Work required: Please set down the data word for word; images do not go in the copy.
────
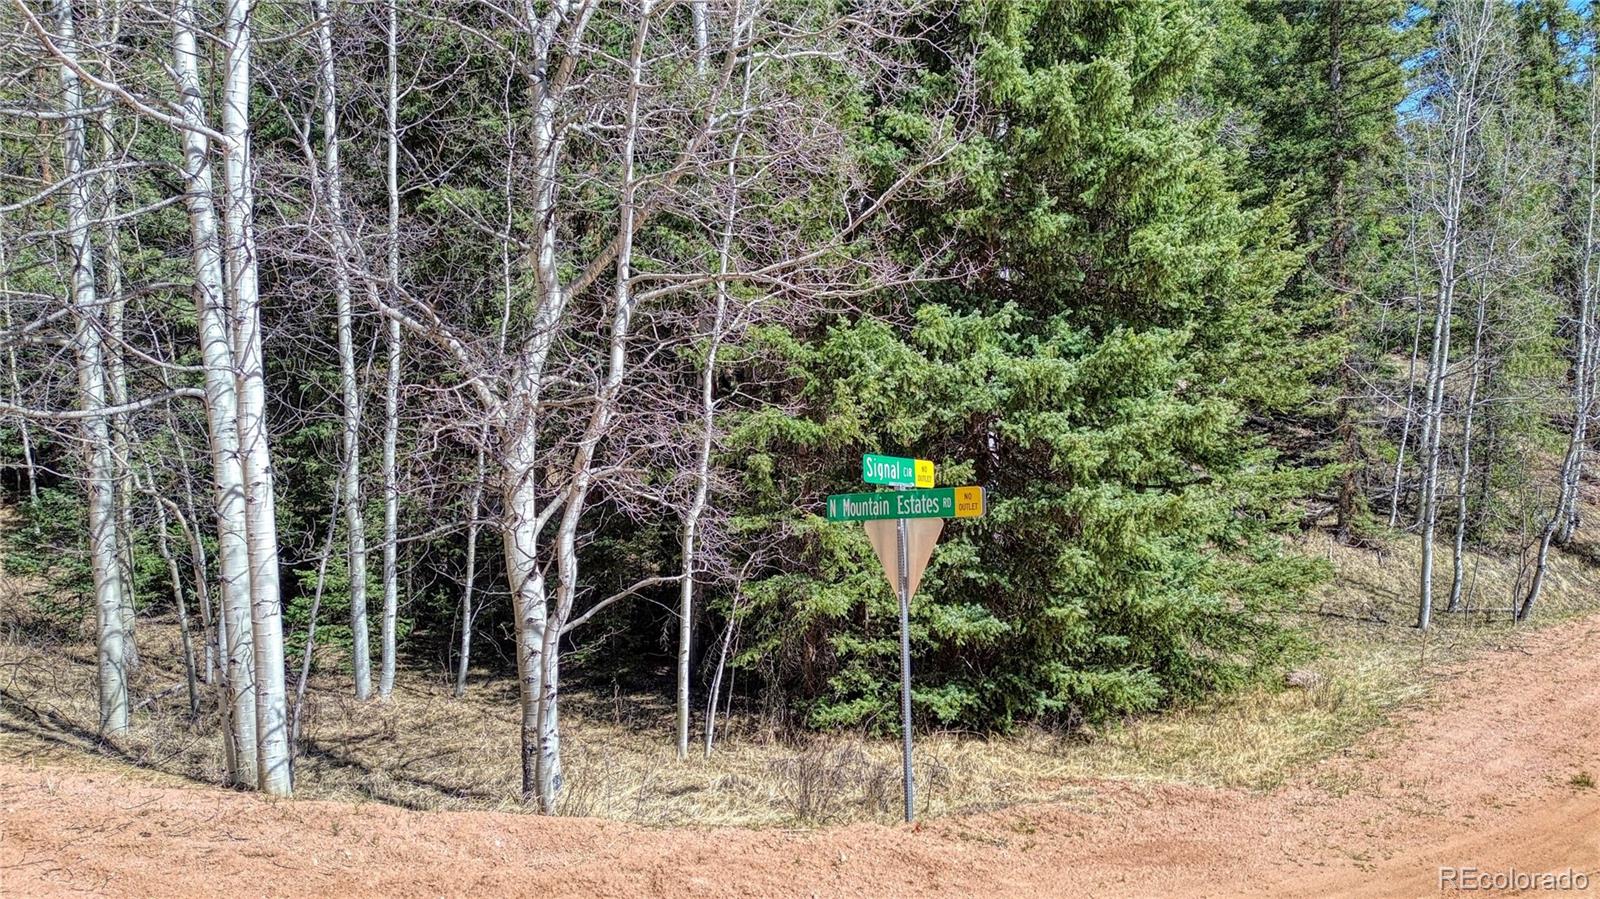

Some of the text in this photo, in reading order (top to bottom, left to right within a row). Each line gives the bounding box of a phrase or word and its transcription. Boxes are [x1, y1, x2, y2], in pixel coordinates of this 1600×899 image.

[866, 457, 913, 480] Signal CIR
[918, 474, 932, 483] OUTLET
[964, 492, 972, 500] NO
[829, 495, 952, 518] N Mountain Estates RD
[958, 503, 978, 511] OUTLET
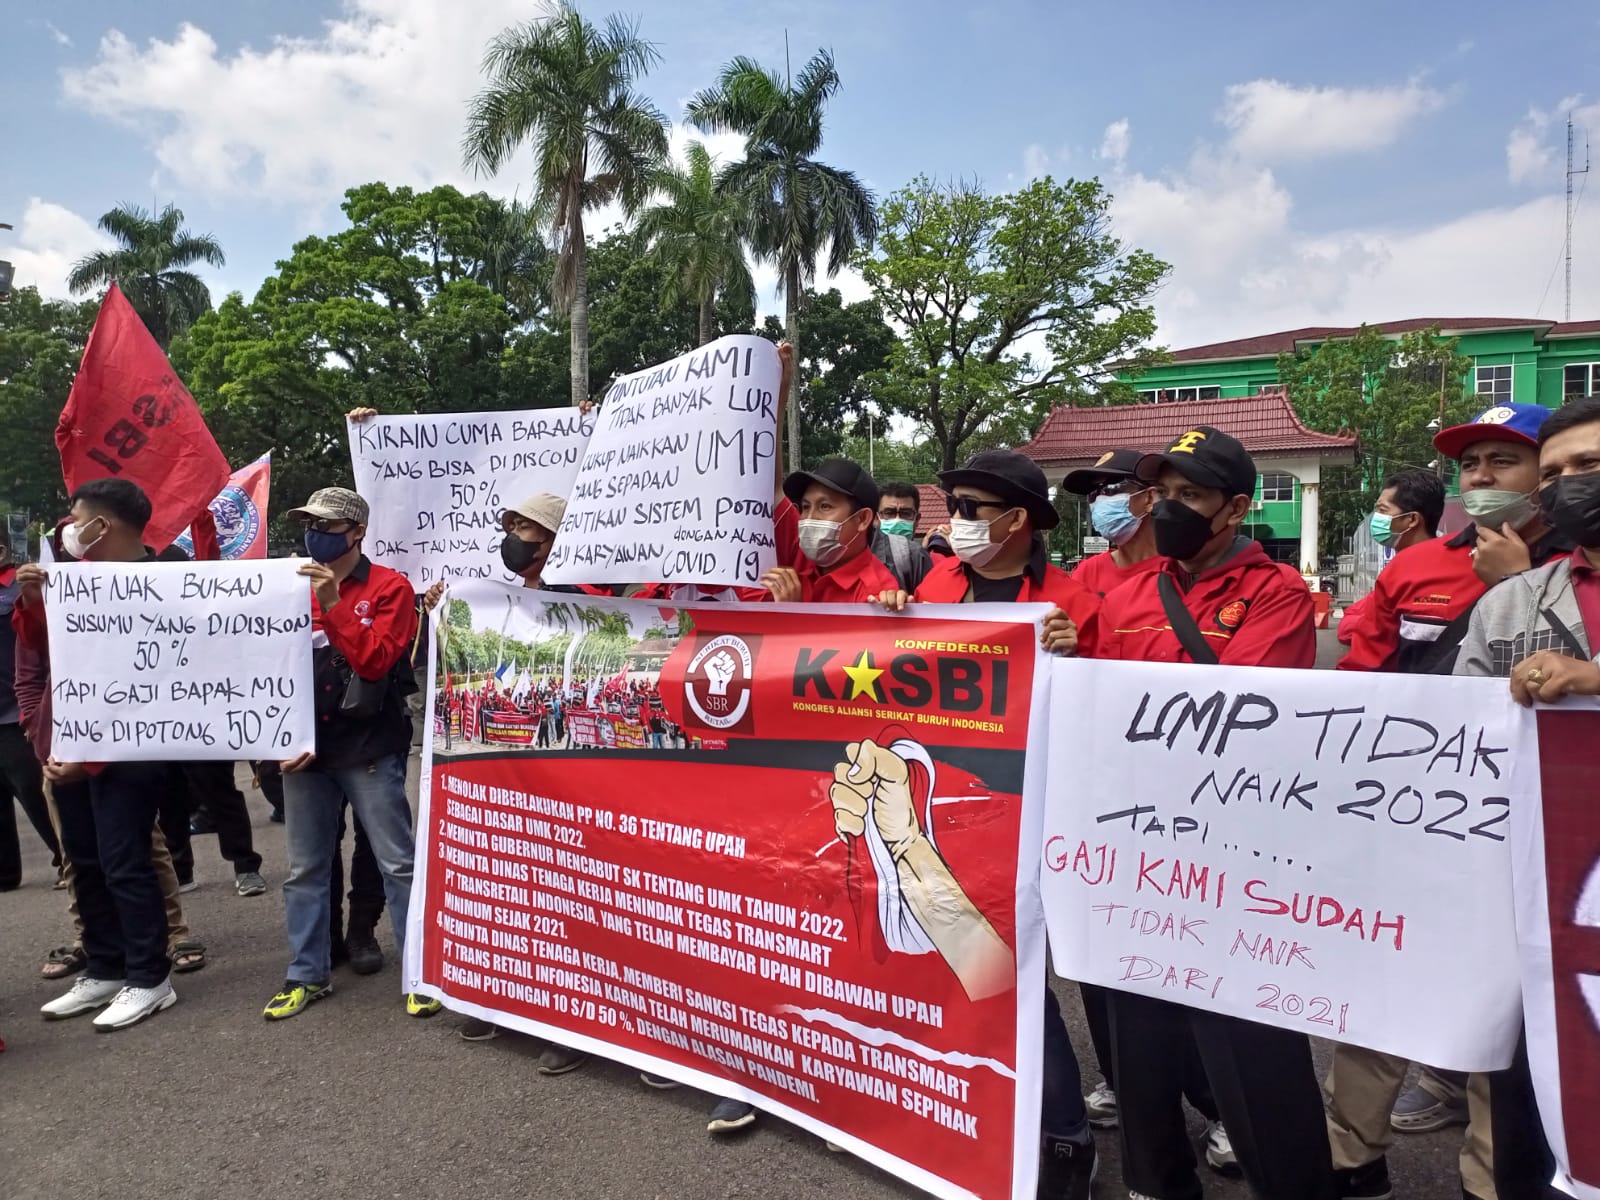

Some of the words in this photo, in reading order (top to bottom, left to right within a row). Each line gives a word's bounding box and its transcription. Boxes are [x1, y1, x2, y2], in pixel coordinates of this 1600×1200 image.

[606, 363, 680, 406] TUNTUTAN
[685, 347, 752, 382] KAMI
[609, 400, 645, 431] TIDAK
[652, 385, 713, 419] BANYAK
[729, 385, 776, 424] LUR
[358, 423, 438, 453] KIRAIN
[446, 422, 502, 446] CUMA
[512, 415, 594, 442] BARANG
[581, 450, 616, 472] CUKUP
[617, 432, 689, 465] NAIKKAN
[695, 428, 775, 476] UMP
[371, 460, 422, 480] YANG
[429, 460, 475, 478] BISA
[607, 466, 679, 499] SEPADAN
[417, 511, 434, 530] DI
[633, 496, 702, 525] SISTEM
[375, 540, 408, 557] DAK
[730, 527, 775, 548] ALASAN
[421, 566, 433, 582] DI
[574, 542, 664, 569] KARYAWAN
[735, 549, 760, 581] 19
[45, 570, 102, 604] MAAF
[110, 574, 163, 601] NAK
[181, 572, 263, 600] BUKAN
[66, 613, 133, 634] SUSUMU
[140, 613, 196, 637] YANG
[208, 613, 310, 636] DIDISKON
[895, 639, 1009, 655] KONFEDERASI
[53, 679, 96, 704] TAPI
[104, 681, 159, 704] GAJI
[171, 677, 245, 706] BAPAK
[252, 677, 294, 698] MU
[706, 696, 728, 711] SBR
[792, 647, 1009, 717] KASBI
[53, 716, 103, 742] YANG
[111, 721, 216, 747] DIPOTONG
[226, 705, 292, 750] 50%
[792, 701, 835, 714] KONGRES
[837, 706, 873, 718] ALIANSI
[875, 709, 914, 722] SERIKAT
[917, 713, 950, 727] BURUH
[952, 718, 1005, 734] INDONESIA
[1125, 690, 1279, 758] UMP
[1295, 706, 1509, 781] TIDAK
[447, 798, 482, 824] SEBAGAI
[484, 809, 523, 833] DASAR
[526, 818, 552, 840] UMK
[553, 823, 586, 849] 2022.
[489, 786, 574, 822] DIBERLAKUKAN
[577, 804, 592, 824] PP
[595, 811, 616, 831] NO.
[619, 814, 638, 835] 36
[640, 817, 703, 848] TENTANG
[705, 831, 746, 859] UPAH
[1191, 767, 1319, 811] NAIK
[1337, 780, 1510, 842] 2022
[491, 834, 553, 862] GUBERNUR
[556, 849, 620, 883] MENCABUT
[623, 867, 641, 889] SK
[643, 872, 704, 905] TENTANG
[707, 888, 742, 915] UMK
[744, 896, 796, 928] TAHUN
[800, 910, 848, 942] 2022.
[1045, 835, 1117, 885] GAJI
[1136, 851, 1225, 909] KAMI
[1243, 879, 1406, 951] SUDAH
[445, 891, 492, 922] MINIMUM
[494, 906, 531, 931] SEJAK
[533, 917, 568, 940] 2021.
[492, 858, 529, 882] DINAS
[531, 865, 576, 894] TENAGA
[577, 878, 612, 906] KERJA
[615, 890, 683, 927] MENINDAK
[686, 909, 732, 940] TEGAS
[735, 922, 832, 968] TRANSMART
[1091, 902, 1209, 945] TIDAK
[1229, 929, 1316, 970] NAIK
[445, 868, 455, 887] PT
[456, 872, 529, 907] TRANSRETAIL
[533, 891, 599, 927] INDONESIA,
[600, 911, 632, 936] YANG
[634, 921, 673, 949] TELAH
[677, 933, 757, 975] MEMBAYAR
[759, 956, 801, 990] UPAH
[805, 970, 888, 1014] DIBAWAH
[891, 994, 943, 1029] UPAH
[491, 929, 529, 954] DINAS
[531, 938, 581, 967] TENAGA
[685, 988, 737, 1023] SANKSI
[740, 1006, 788, 1041] TEGAS
[791, 1025, 856, 1063] KEPADA
[859, 1045, 971, 1104] TRANSMART
[1120, 956, 1224, 998] DARI
[1256, 984, 1350, 1034] 2021
[442, 960, 482, 990] DENGAN
[484, 976, 550, 1009] POTONGAN
[552, 993, 568, 1013] 10
[570, 997, 596, 1021] S/D
[598, 1004, 617, 1026] 50
[636, 1017, 690, 1051] DENGAN
[691, 1040, 746, 1073] ALASAN
[747, 1059, 820, 1104] PANDEMI.
[443, 937, 453, 957] PT
[455, 942, 490, 969] TRANS
[493, 953, 533, 980] RETAIL
[536, 963, 603, 998] INFONESIA
[604, 982, 648, 1014] KARNA
[648, 998, 688, 1029] TELAH
[690, 1014, 795, 1069] MERUMAHKAN
[801, 1054, 898, 1112] KARYAWAN
[901, 1090, 979, 1140] SEPIHAK
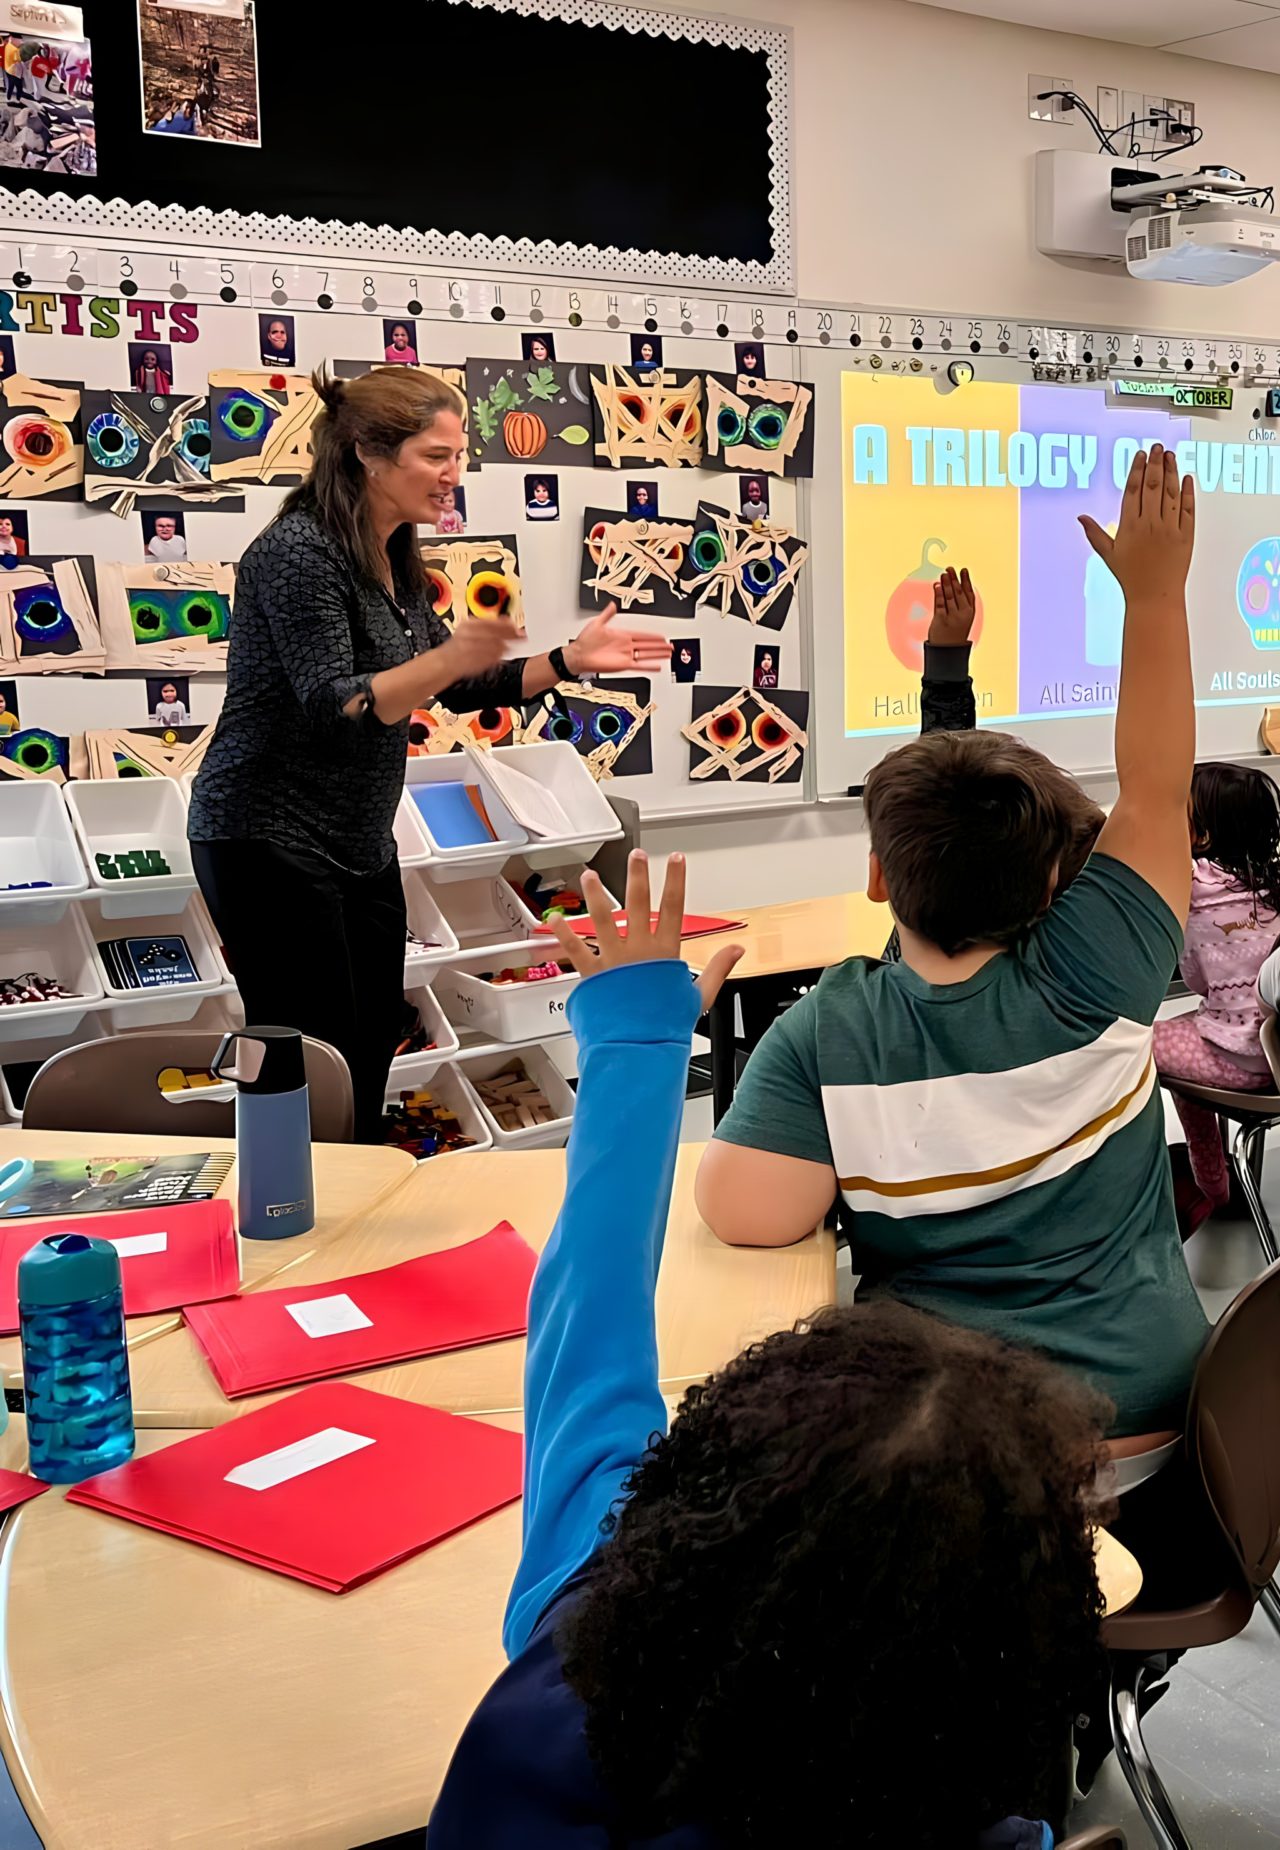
────
Task response:
Some of the text in this photo, in reading order (top to bottom, left to right within a row). Each line gives the bounding box of a phrase or word and its transcription. Boxes are [x1, y1, x2, y2], in pixel coordinates of this 1600×899 image.

[866, 457, 913, 480] Signal CIR
[918, 474, 932, 483] OUTLET
[964, 492, 972, 500] NO
[829, 495, 952, 518] N Mountain Estates RD
[958, 503, 978, 511] OUTLET

Some of the words in this photo, in reading order (top to bottom, left to right within a row). Each line gives a word's bounding box and its transcription. Boxes are [x1, y1, x2, y2], in pixel coordinates of this 1600×1200 image.

[606, 363, 680, 406] TUNTUTAN
[685, 347, 752, 382] KAMI
[609, 400, 645, 431] TIDAK
[652, 385, 713, 419] BANYAK
[729, 385, 776, 424] LUR
[358, 423, 438, 453] KIRAIN
[446, 422, 502, 446] CUMA
[512, 415, 594, 442] BARANG
[581, 450, 616, 472] CUKUP
[617, 432, 689, 465] NAIKKAN
[695, 428, 775, 476] UMP
[371, 460, 422, 480] YANG
[429, 460, 475, 478] BISA
[607, 466, 679, 499] SEPADAN
[417, 511, 434, 530] DI
[633, 496, 702, 525] SISTEM
[375, 540, 408, 557] DAK
[730, 527, 775, 548] ALASAN
[421, 566, 433, 582] DI
[574, 542, 664, 569] KARYAWAN
[735, 549, 760, 581] 19
[45, 570, 102, 604] MAAF
[110, 574, 163, 601] NAK
[181, 572, 263, 600] BUKAN
[66, 613, 133, 634] SUSUMU
[140, 613, 196, 637] YANG
[208, 613, 310, 636] DIDISKON
[895, 639, 1009, 655] KONFEDERASI
[53, 679, 96, 704] TAPI
[104, 681, 159, 704] GAJI
[171, 677, 245, 706] BAPAK
[252, 677, 294, 698] MU
[706, 696, 728, 711] SBR
[792, 647, 1009, 717] KASBI
[53, 716, 103, 742] YANG
[111, 721, 216, 747] DIPOTONG
[226, 705, 292, 750] 50%
[792, 701, 835, 714] KONGRES
[837, 706, 873, 718] ALIANSI
[875, 709, 914, 722] SERIKAT
[917, 713, 950, 727] BURUH
[952, 718, 1005, 734] INDONESIA
[1125, 690, 1279, 758] UMP
[1295, 706, 1509, 781] TIDAK
[447, 798, 482, 824] SEBAGAI
[484, 809, 523, 833] DASAR
[526, 818, 552, 840] UMK
[553, 823, 586, 849] 2022.
[489, 786, 574, 822] DIBERLAKUKAN
[577, 804, 592, 824] PP
[595, 811, 616, 831] NO.
[619, 814, 638, 835] 36
[640, 817, 703, 848] TENTANG
[705, 831, 746, 859] UPAH
[1191, 767, 1319, 811] NAIK
[1337, 780, 1510, 842] 2022
[491, 834, 553, 862] GUBERNUR
[556, 849, 620, 883] MENCABUT
[623, 867, 641, 889] SK
[643, 872, 704, 905] TENTANG
[707, 888, 742, 915] UMK
[744, 896, 796, 928] TAHUN
[800, 910, 848, 942] 2022.
[1045, 835, 1117, 885] GAJI
[1136, 851, 1225, 909] KAMI
[1243, 879, 1406, 951] SUDAH
[445, 891, 492, 922] MINIMUM
[494, 906, 531, 931] SEJAK
[533, 917, 568, 940] 2021.
[492, 858, 529, 882] DINAS
[531, 865, 576, 894] TENAGA
[577, 878, 612, 906] KERJA
[615, 890, 683, 927] MENINDAK
[686, 909, 732, 940] TEGAS
[735, 922, 832, 968] TRANSMART
[1091, 902, 1209, 945] TIDAK
[1229, 929, 1316, 970] NAIK
[445, 868, 455, 887] PT
[456, 872, 529, 907] TRANSRETAIL
[533, 891, 599, 927] INDONESIA,
[600, 911, 632, 936] YANG
[634, 921, 673, 949] TELAH
[677, 933, 757, 975] MEMBAYAR
[759, 956, 801, 990] UPAH
[805, 970, 888, 1014] DIBAWAH
[891, 994, 943, 1029] UPAH
[491, 929, 529, 954] DINAS
[531, 938, 581, 967] TENAGA
[685, 988, 737, 1023] SANKSI
[740, 1006, 788, 1041] TEGAS
[791, 1025, 856, 1063] KEPADA
[859, 1045, 971, 1104] TRANSMART
[1120, 956, 1224, 998] DARI
[1256, 984, 1350, 1034] 2021
[442, 960, 482, 990] DENGAN
[484, 976, 550, 1009] POTONGAN
[552, 993, 568, 1013] 10
[570, 997, 596, 1021] S/D
[598, 1004, 617, 1026] 50
[636, 1017, 690, 1051] DENGAN
[691, 1040, 746, 1073] ALASAN
[747, 1059, 820, 1104] PANDEMI.
[443, 937, 453, 957] PT
[455, 942, 490, 969] TRANS
[493, 953, 533, 980] RETAIL
[536, 963, 603, 998] INFONESIA
[604, 982, 648, 1014] KARNA
[648, 998, 688, 1029] TELAH
[690, 1014, 795, 1069] MERUMAHKAN
[801, 1054, 898, 1112] KARYAWAN
[901, 1090, 979, 1140] SEPIHAK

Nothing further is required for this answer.